Work to complete: The pictures are to be left out, and all remaining data is to be transcribed exactly as it appears.

--------------------------------------------------

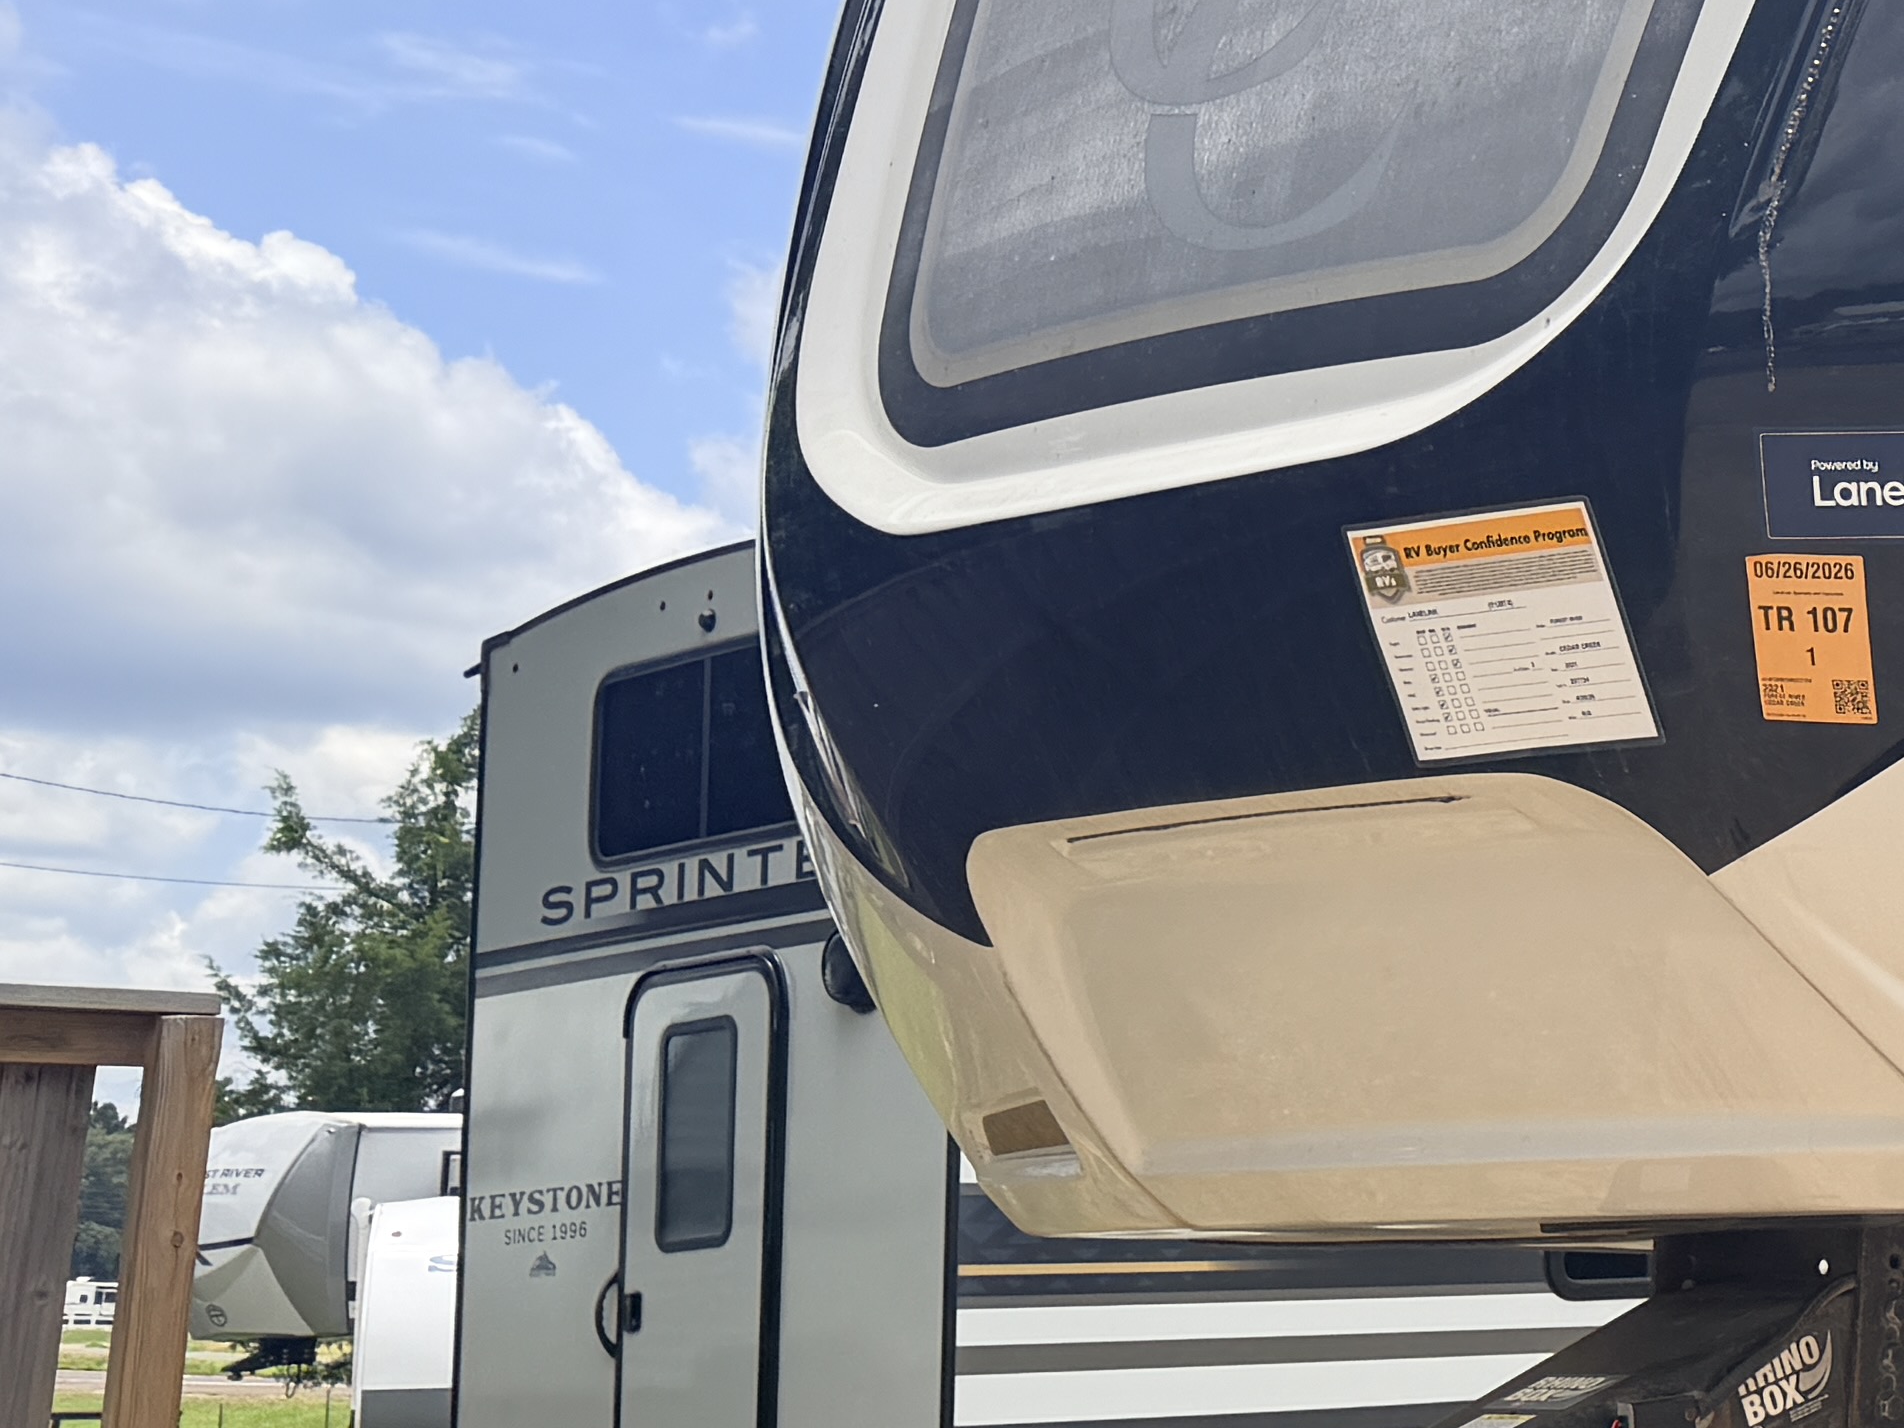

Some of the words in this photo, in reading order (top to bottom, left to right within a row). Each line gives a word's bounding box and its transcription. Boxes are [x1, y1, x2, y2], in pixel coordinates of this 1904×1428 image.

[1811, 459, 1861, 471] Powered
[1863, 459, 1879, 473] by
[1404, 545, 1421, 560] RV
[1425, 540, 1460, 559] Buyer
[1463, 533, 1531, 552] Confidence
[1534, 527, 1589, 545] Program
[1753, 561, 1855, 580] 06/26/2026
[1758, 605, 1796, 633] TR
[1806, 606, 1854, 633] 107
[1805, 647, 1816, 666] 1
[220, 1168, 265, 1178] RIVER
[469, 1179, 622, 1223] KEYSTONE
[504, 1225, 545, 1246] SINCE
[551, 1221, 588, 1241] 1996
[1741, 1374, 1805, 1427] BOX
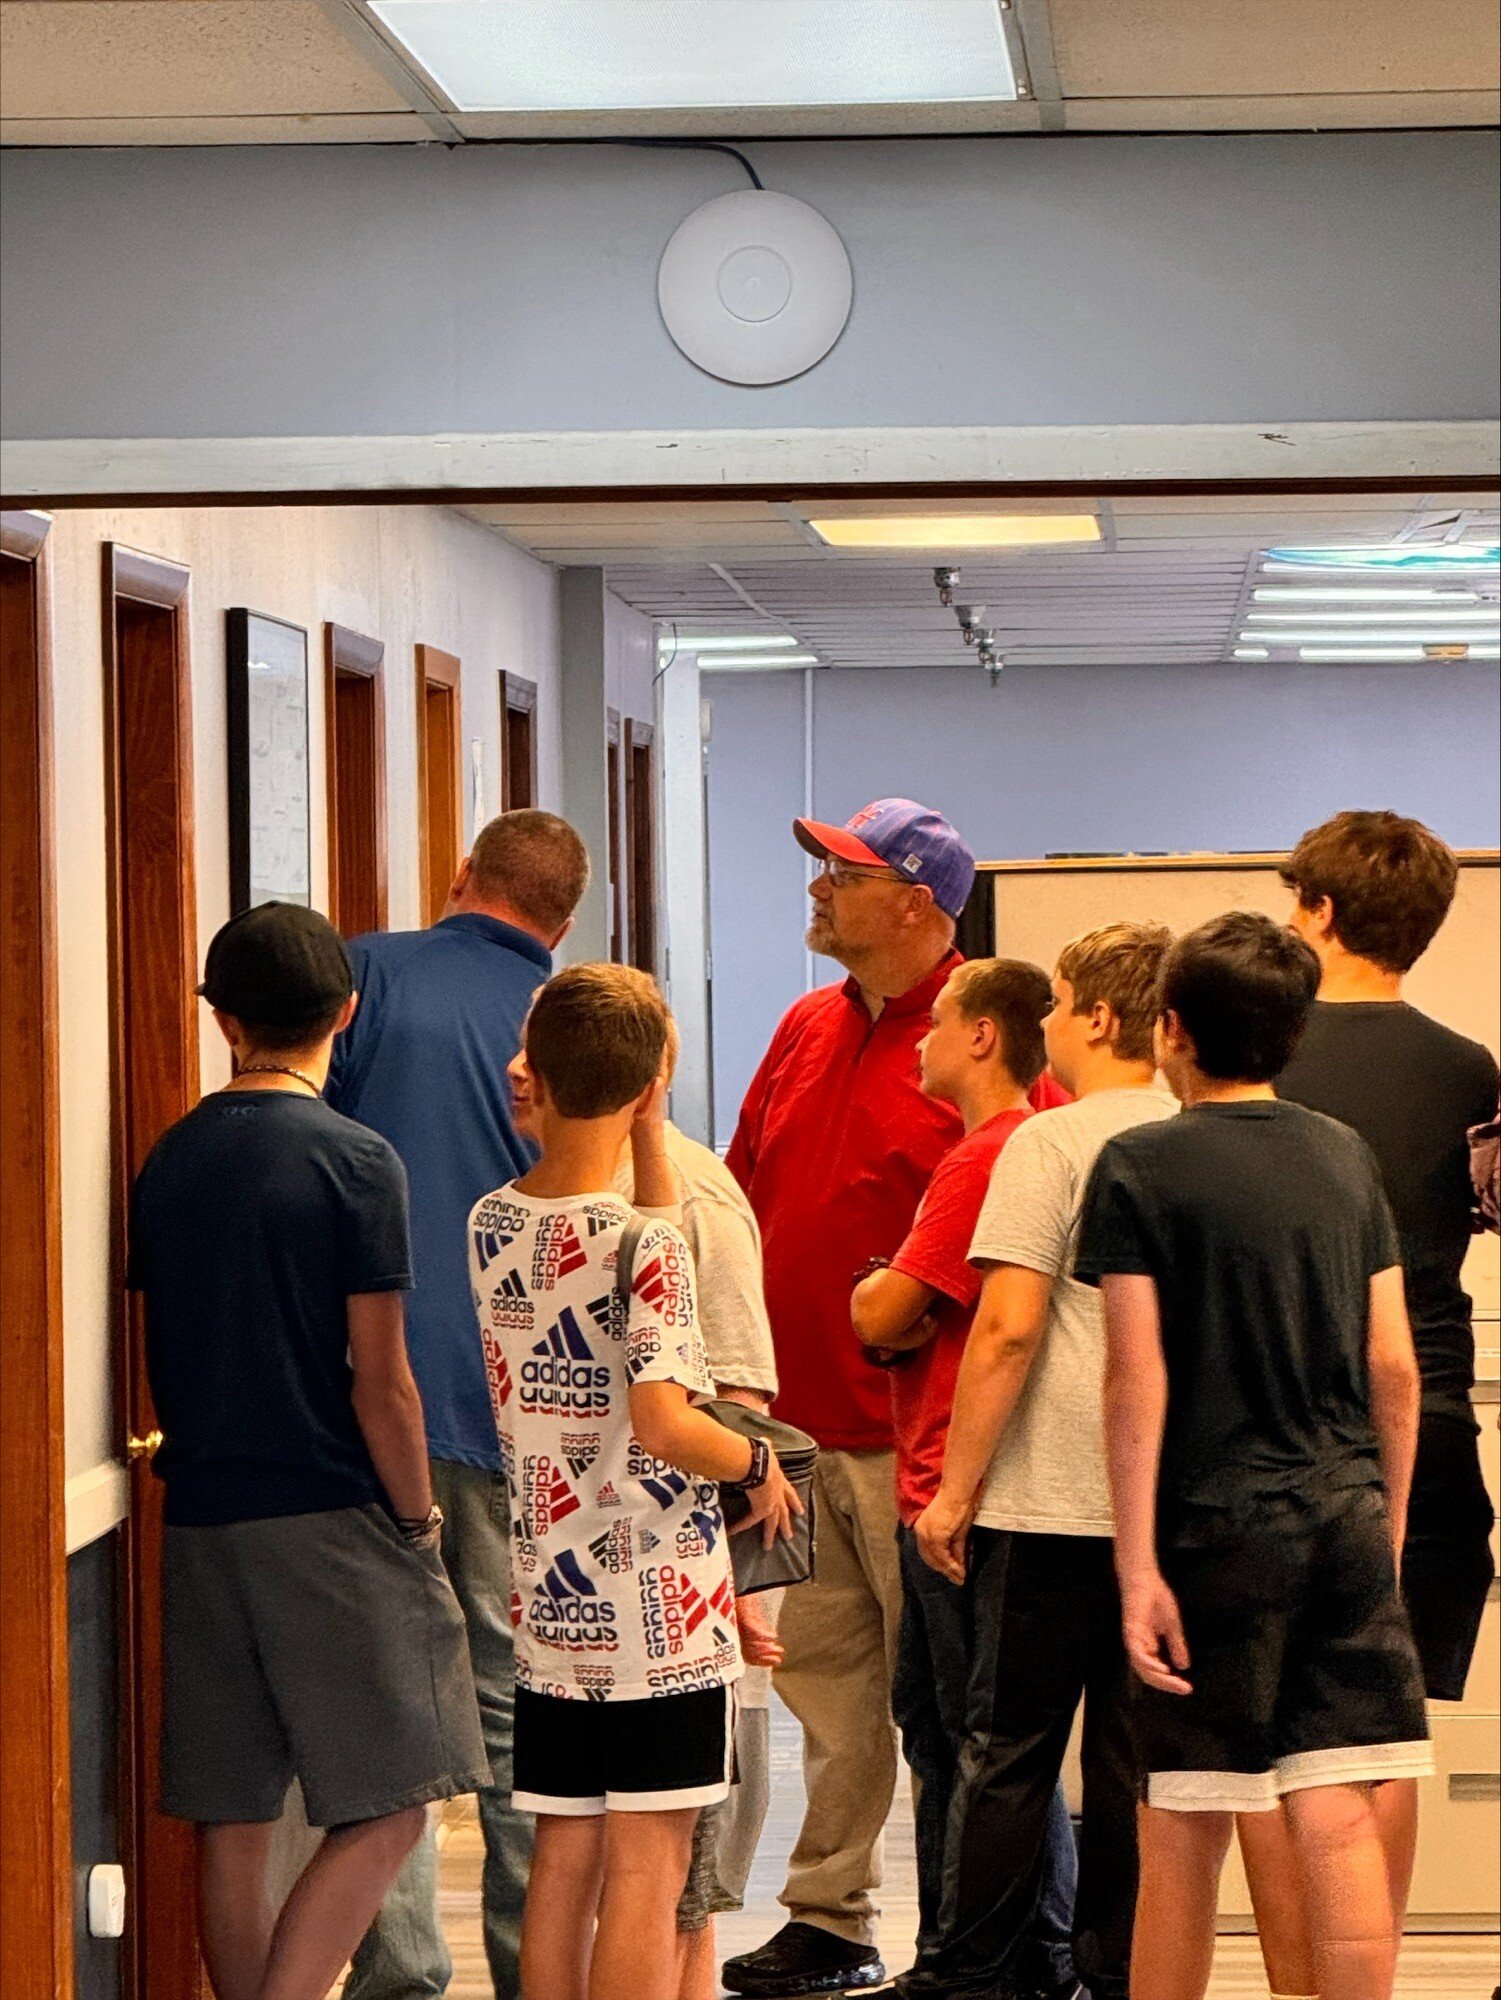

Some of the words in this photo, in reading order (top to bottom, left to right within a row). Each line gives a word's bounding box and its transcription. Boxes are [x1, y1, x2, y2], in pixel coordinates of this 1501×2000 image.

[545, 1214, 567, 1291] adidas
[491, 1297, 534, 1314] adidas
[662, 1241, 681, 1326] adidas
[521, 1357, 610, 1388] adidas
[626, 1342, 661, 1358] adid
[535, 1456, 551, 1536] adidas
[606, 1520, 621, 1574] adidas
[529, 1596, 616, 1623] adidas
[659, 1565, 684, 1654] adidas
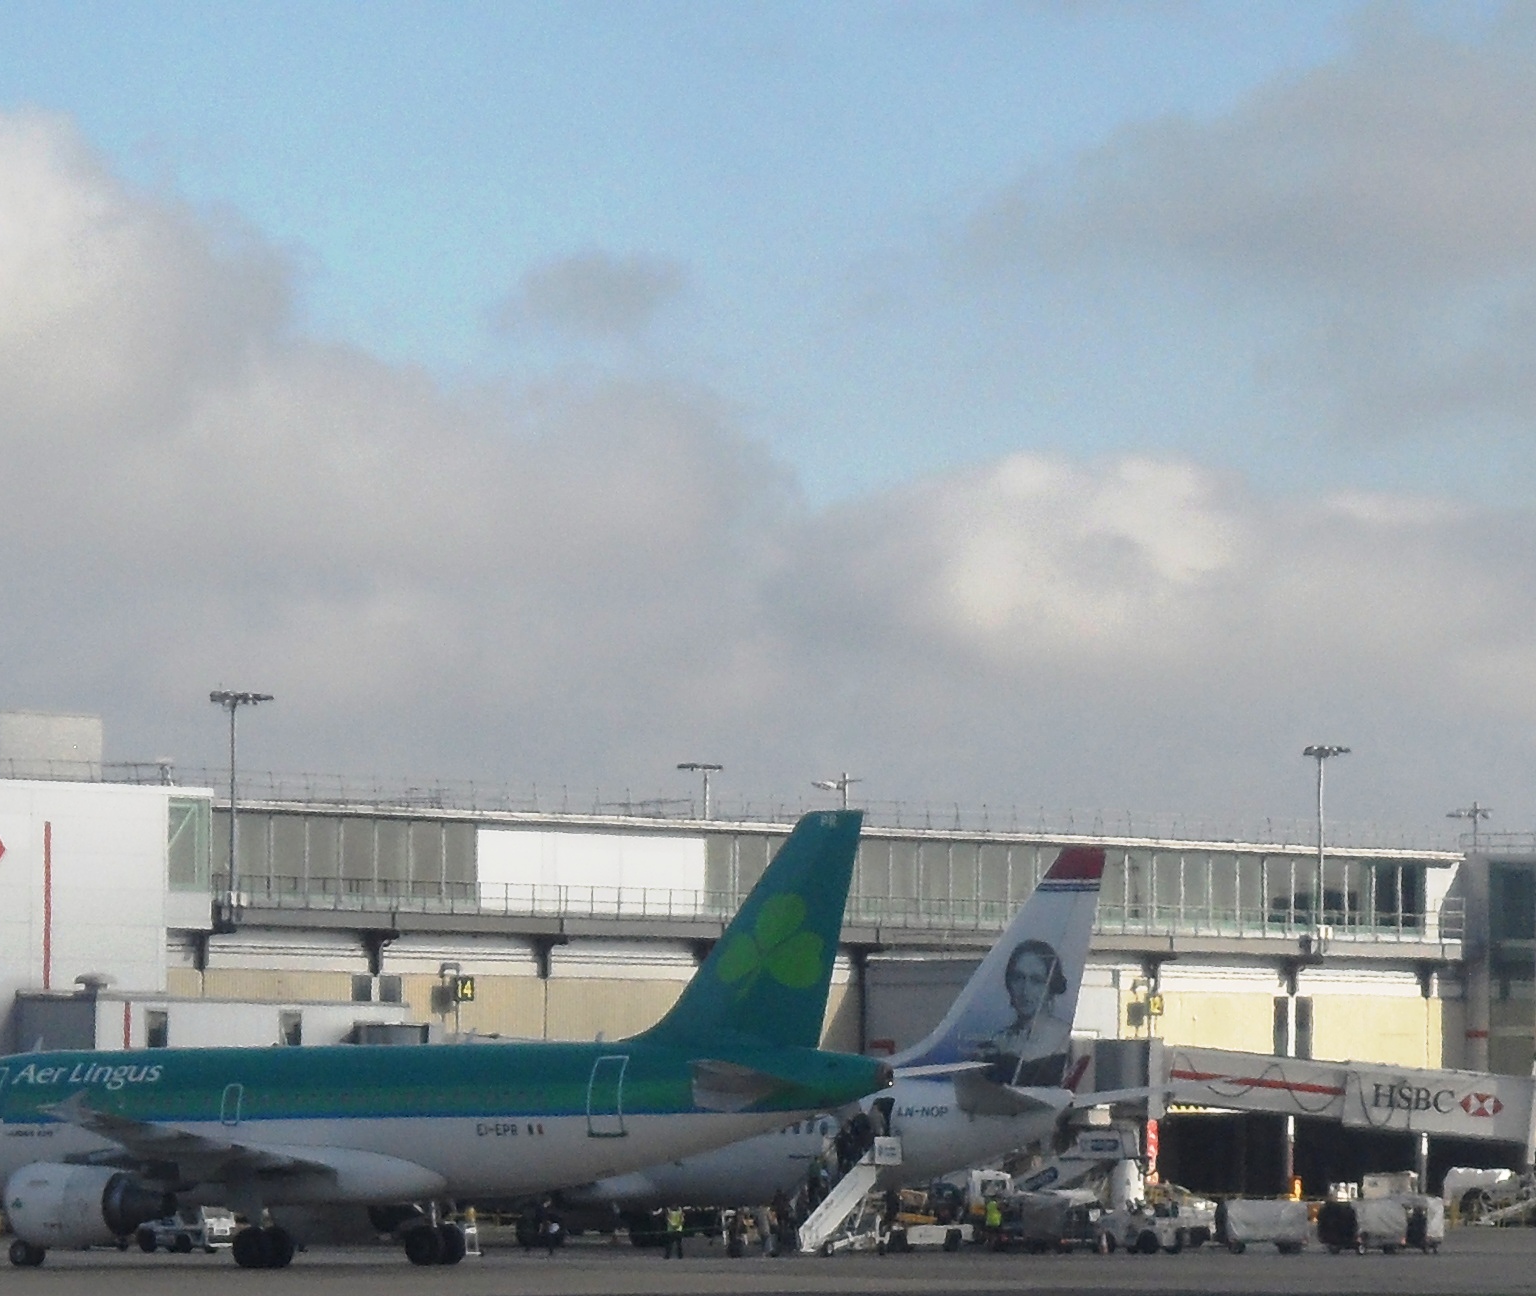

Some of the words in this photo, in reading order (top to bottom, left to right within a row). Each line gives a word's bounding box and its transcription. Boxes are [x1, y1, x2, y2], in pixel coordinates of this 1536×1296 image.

--------------------------------------------------

Solution for this exercise:
Some of the words in this photo, in reading order (top to bottom, left to right within a row). Each line gives a word's bounding box and its transcription. Boxes are [x1, y1, x2, y2], in pixel coordinates of this 1904×1428 image.

[1811, 459, 1861, 471] Powered
[1863, 459, 1879, 473] by
[1404, 545, 1421, 560] RV
[1425, 540, 1460, 559] Buyer
[1463, 533, 1531, 552] Confidence
[1534, 527, 1589, 545] Program
[1753, 561, 1855, 580] 06/26/2026
[1758, 605, 1796, 633] TR
[1806, 606, 1854, 633] 107
[1805, 647, 1816, 666] 1
[220, 1168, 265, 1178] RIVER
[469, 1179, 622, 1223] KEYSTONE
[504, 1225, 545, 1246] SINCE
[551, 1221, 588, 1241] 1996
[1741, 1374, 1805, 1427] BOX

Some of the words in this photo, in reading order (top to bottom, left to right within a row). Each line gives a word's bounding box and its transcription. Boxes are [x1, y1, x2, y2], in pixel coordinates of this 1501×2000 image.

[545, 1214, 567, 1291] adidas
[491, 1297, 534, 1314] adidas
[662, 1241, 681, 1326] adidas
[521, 1357, 610, 1388] adidas
[626, 1342, 661, 1358] adid
[535, 1456, 551, 1536] adidas
[606, 1520, 621, 1574] adidas
[529, 1596, 616, 1623] adidas
[659, 1565, 684, 1654] adidas

Some of the words in this photo, in reading order (top to bottom, left to right within a row). Each line gives a word's bounding box and its transcription. Boxes are [x1, y1, x2, y2], in pixel coordinates of this 1536×1296 image.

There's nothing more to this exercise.